------ Entries provided

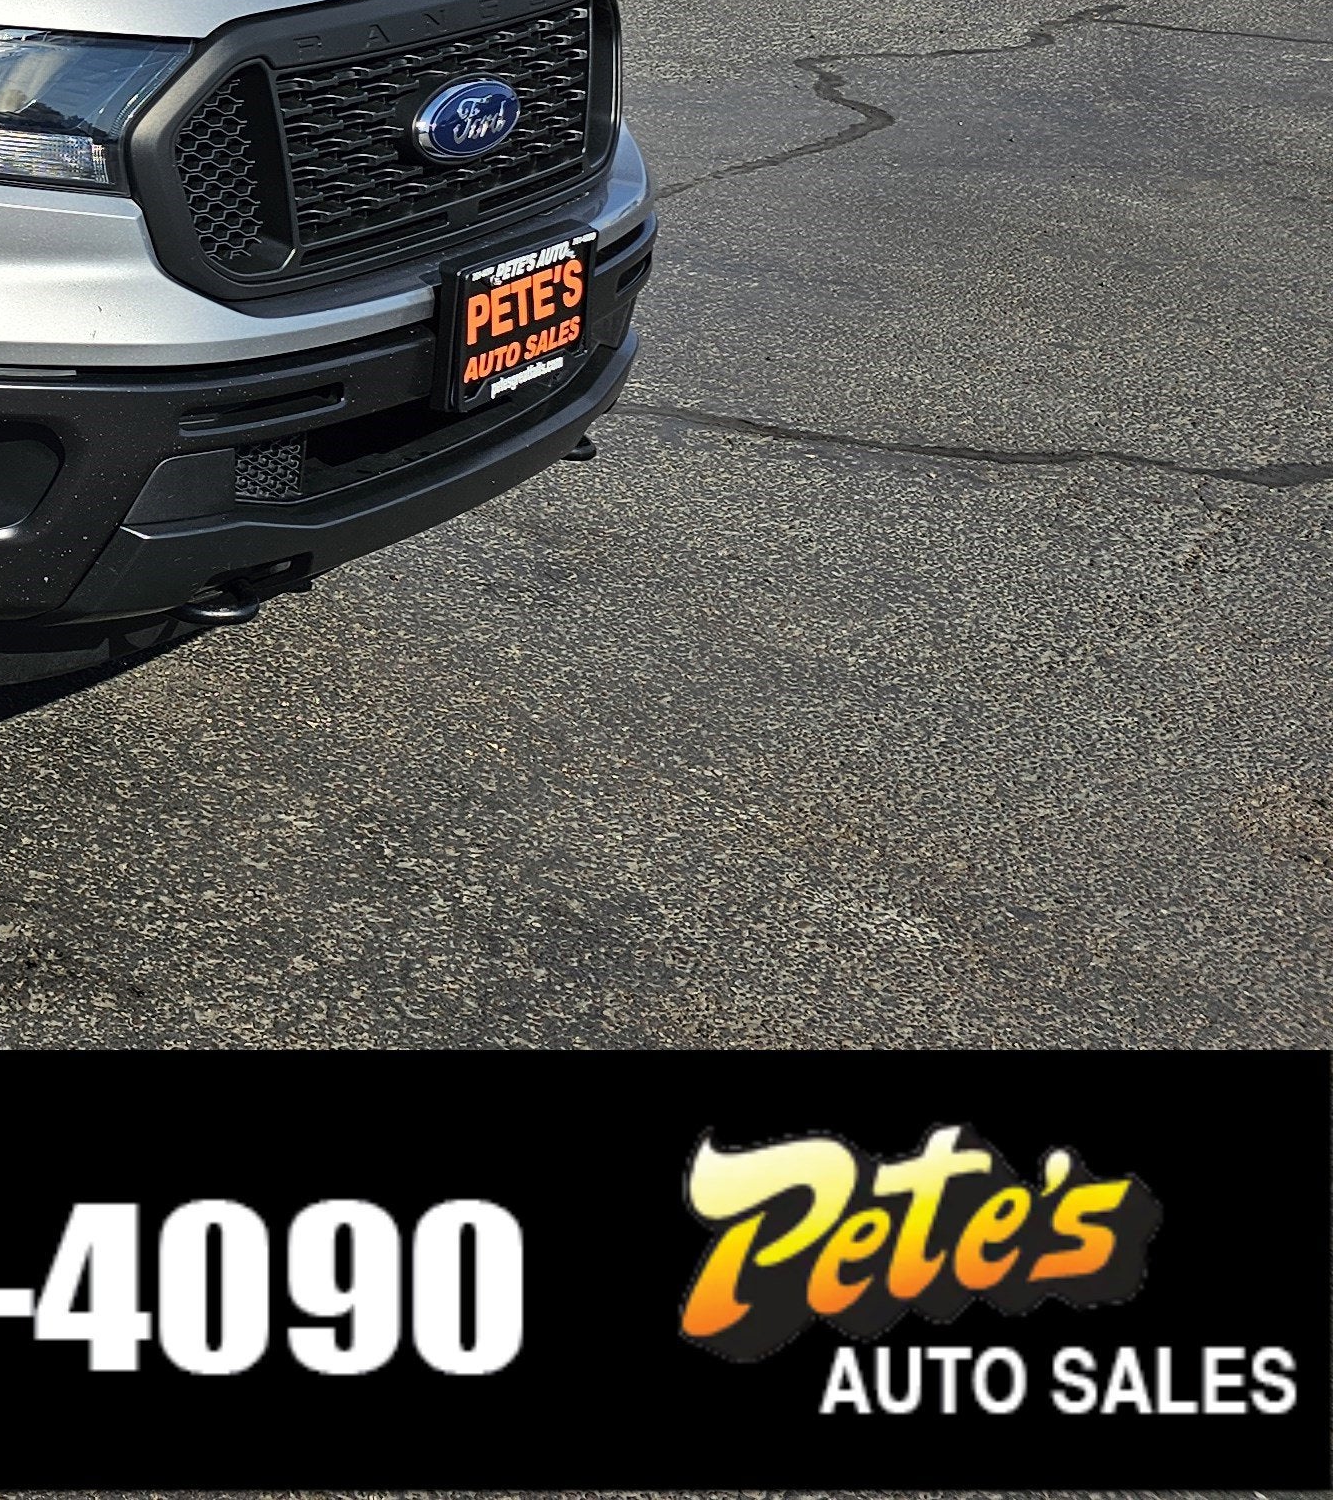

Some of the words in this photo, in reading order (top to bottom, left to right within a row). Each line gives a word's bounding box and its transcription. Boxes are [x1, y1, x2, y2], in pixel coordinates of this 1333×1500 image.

[453, 94, 506, 145] Ford
[536, 241, 570, 268] AUTO
[466, 259, 583, 346] PETE'S
[463, 342, 522, 384] AUTO
[524, 315, 581, 360] SALES

------------

_Problem details:_
Return the data verbatim, leaving out the pictures it holds.

_Answer to this problem:_
Some of the words in this photo, in reading order (top to bottom, left to right within a row). Each line gives a word's bounding box and its transcription. Boxes are [x1, y1, x2, y2], in pixel coordinates of this 1333×1500 image.

[453, 94, 506, 145] Ford
[536, 241, 570, 268] AUTO
[466, 259, 583, 346] PETE'S
[463, 342, 522, 384] AUTO
[524, 315, 581, 360] SALES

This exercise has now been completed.